Title: A Spot of Bother (5/5)
Author: Gail Christison

(notes and disclaimer with part one)



Jenny was about to say something when a disturbance in the ER coalesced into a familiar and grating voice. He was walking, but he was wearing a powder blue robe and someone who looked enough like him to have to be a relative, perhaps even his mother, was fussing and dithering, making the patient more obnoxious than he already was.

"Oh look, Irritating Smurf," Buffy drawled.

"Wow, that's a lotta spots," Willow remarked. Then her nose wrinkled. "...And ick...some of them are infected. He scratched."

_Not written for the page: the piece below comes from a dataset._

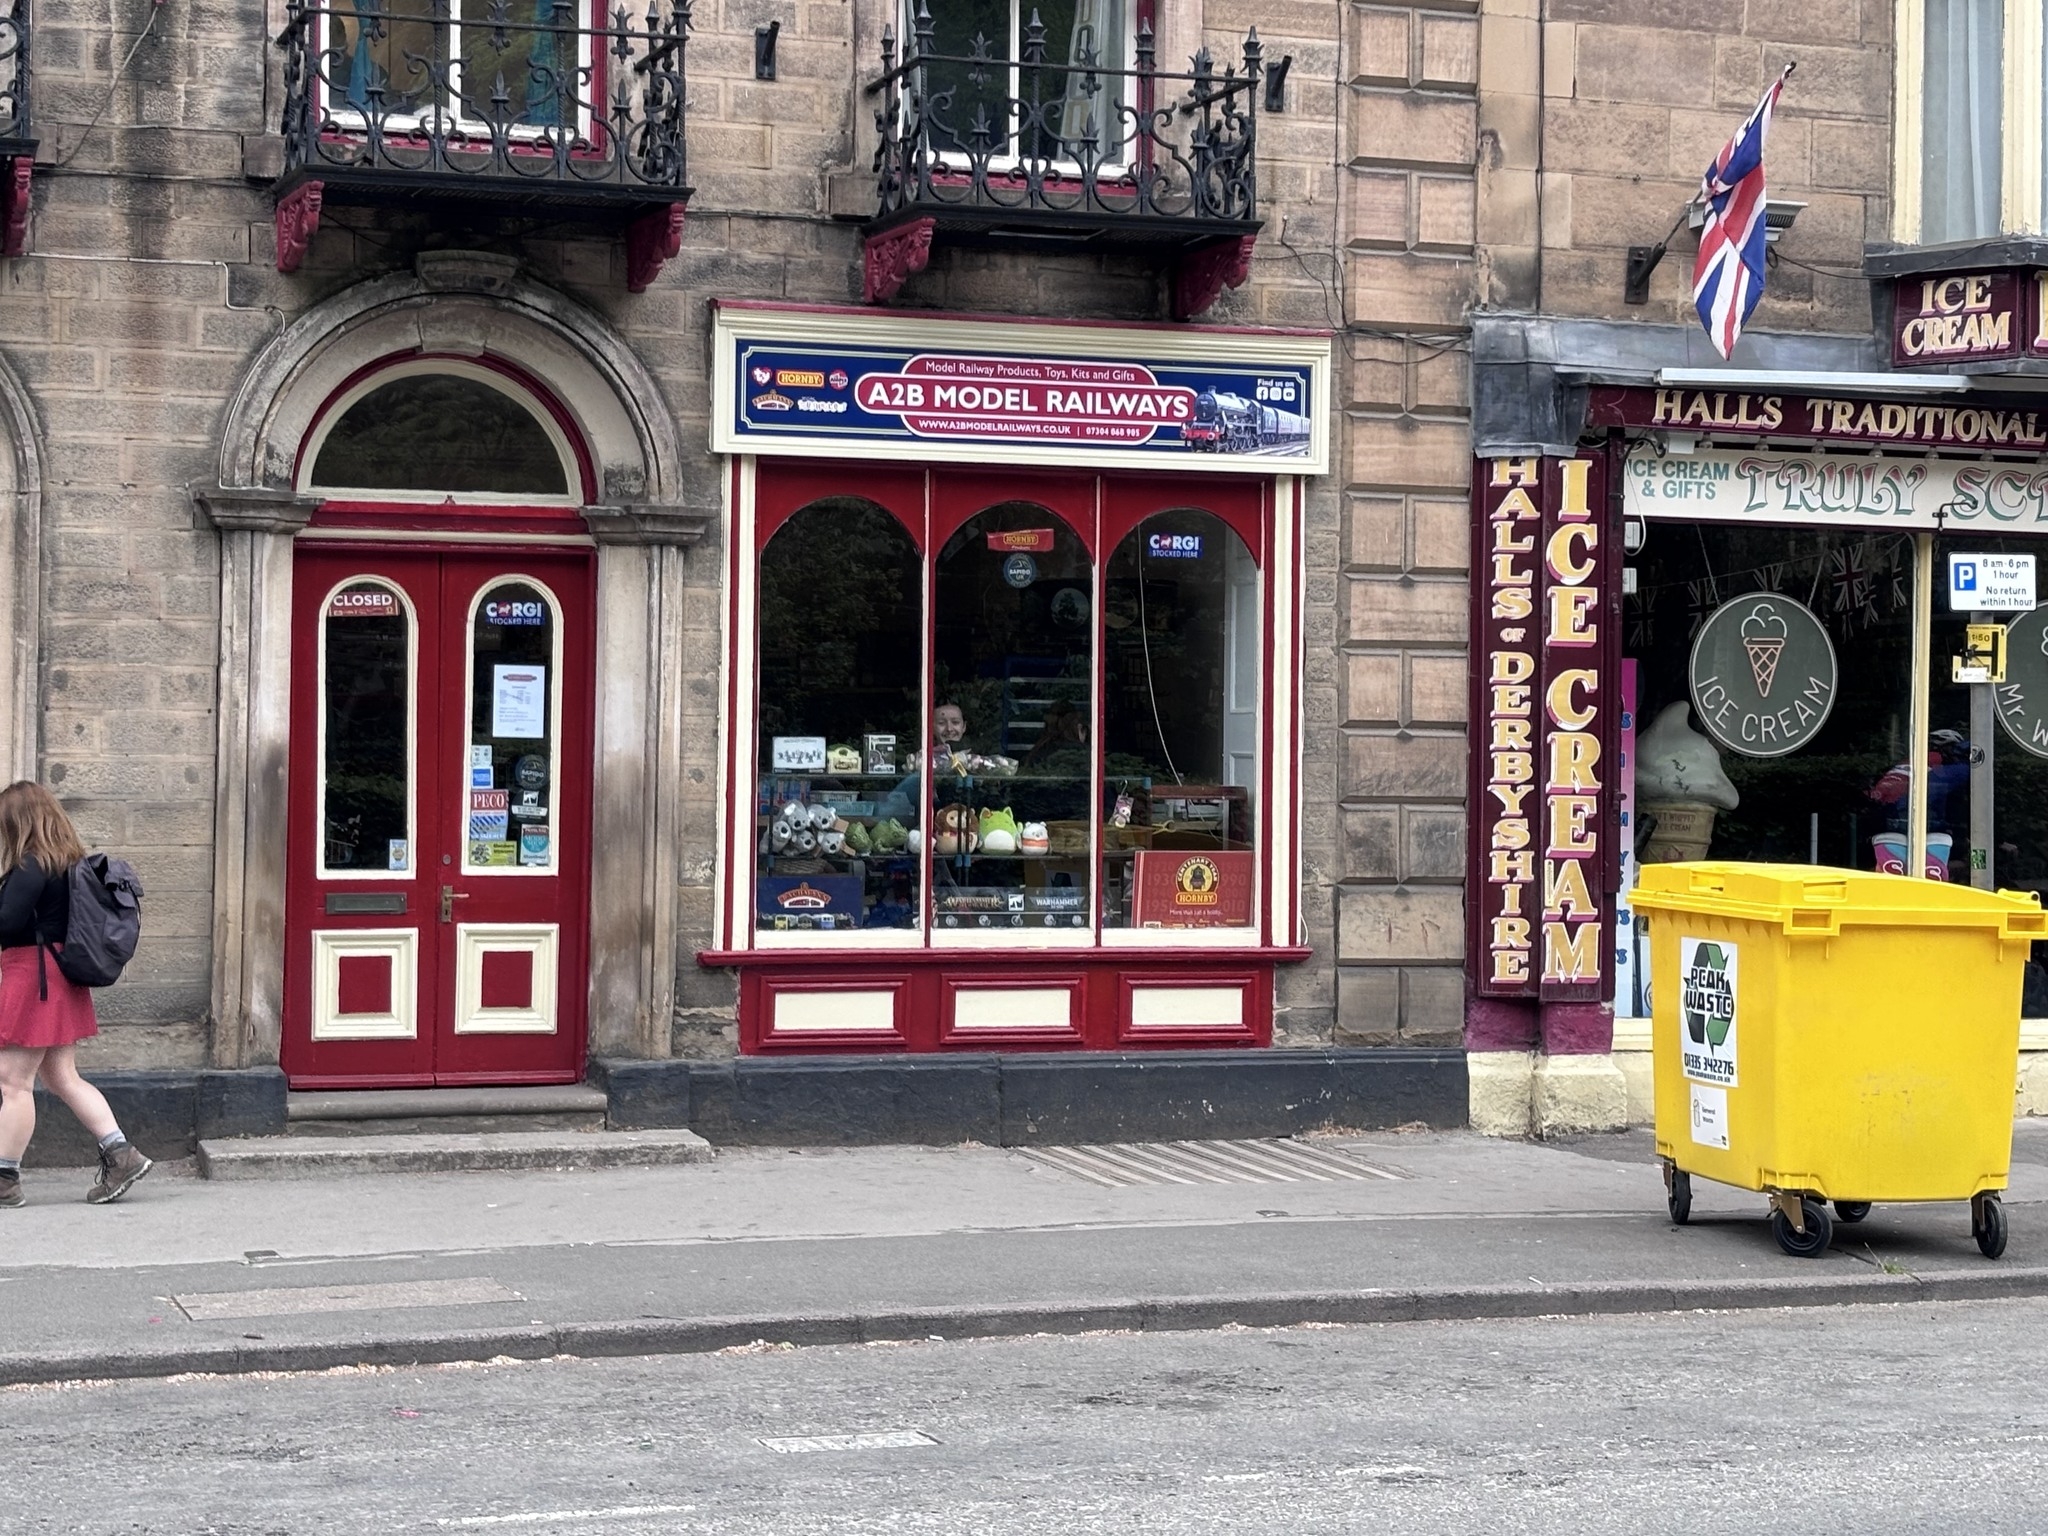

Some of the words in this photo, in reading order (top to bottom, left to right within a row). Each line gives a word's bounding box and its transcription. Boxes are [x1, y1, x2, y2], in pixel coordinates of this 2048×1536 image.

"Of course he did," Giles and Jenny said at the same time.

"Summers!"

"Sn...Principal Snyder," she replied, failing to conceal her amusement. In bare feet he really was as tiny as his shriveled little walnut of a heart.

"What is this?" Snyder demanded, taking in all the faces at the treatment station in front of him.

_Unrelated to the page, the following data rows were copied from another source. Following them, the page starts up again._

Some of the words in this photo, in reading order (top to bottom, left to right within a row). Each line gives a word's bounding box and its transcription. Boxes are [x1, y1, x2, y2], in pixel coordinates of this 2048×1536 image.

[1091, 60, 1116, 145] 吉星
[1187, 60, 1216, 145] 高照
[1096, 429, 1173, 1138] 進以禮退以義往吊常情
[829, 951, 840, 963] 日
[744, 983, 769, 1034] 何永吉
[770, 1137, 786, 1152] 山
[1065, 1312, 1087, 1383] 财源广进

"Chicken pox convention. Xander would have been here but he decided to pass on the hospital gown."

Snyder gave the Slayer a filthy look and turned to Giles. "I see you're infected. At least you're not slacking."

"No. *We're* not slacking," Jenny drawled, her color improving all the time.

"Ah. Ms Computers...dare I ask if any of my teachers are actually still working?" He turned to Buffy and Willow. "And don't you two have homework?"

"Mine's all done," Willow squeaked.

"Charming, as always," Buffy muttered then raised her voice to a normal level. "Chicken pox look good on you."

"Don't get fresh with me, Summers. Why haven't you got chicken pox?"

"Had 'em when I was four. Did they skip a generation or something?"

"Hey," Jenny protested.

"Sorry," Buffy managed, suppressing amusement.

"For your information I had them," Snyder sneered defiantly then lost a bit of steam. "Or at least that's what my mother thought. Who knew that an allergic reaction could pass for chickenpox. "

"It can't," Willow pointed out. "No fever, no crustiness."

Snyder's nostrils pinched. "I never said my mother was a doctor. She nursed me for seven days until the rash was gone. Like I said...how was I to know?" He turned to Giles. "What's your excuse?"

Giles looked a little nonplussed. "Luck," he offered finally.

A nurse attempted to guide Snyder to his examination cubicle but he stood his ground. "Whatever all of you are up to, I'm going to find out. I know something's going on."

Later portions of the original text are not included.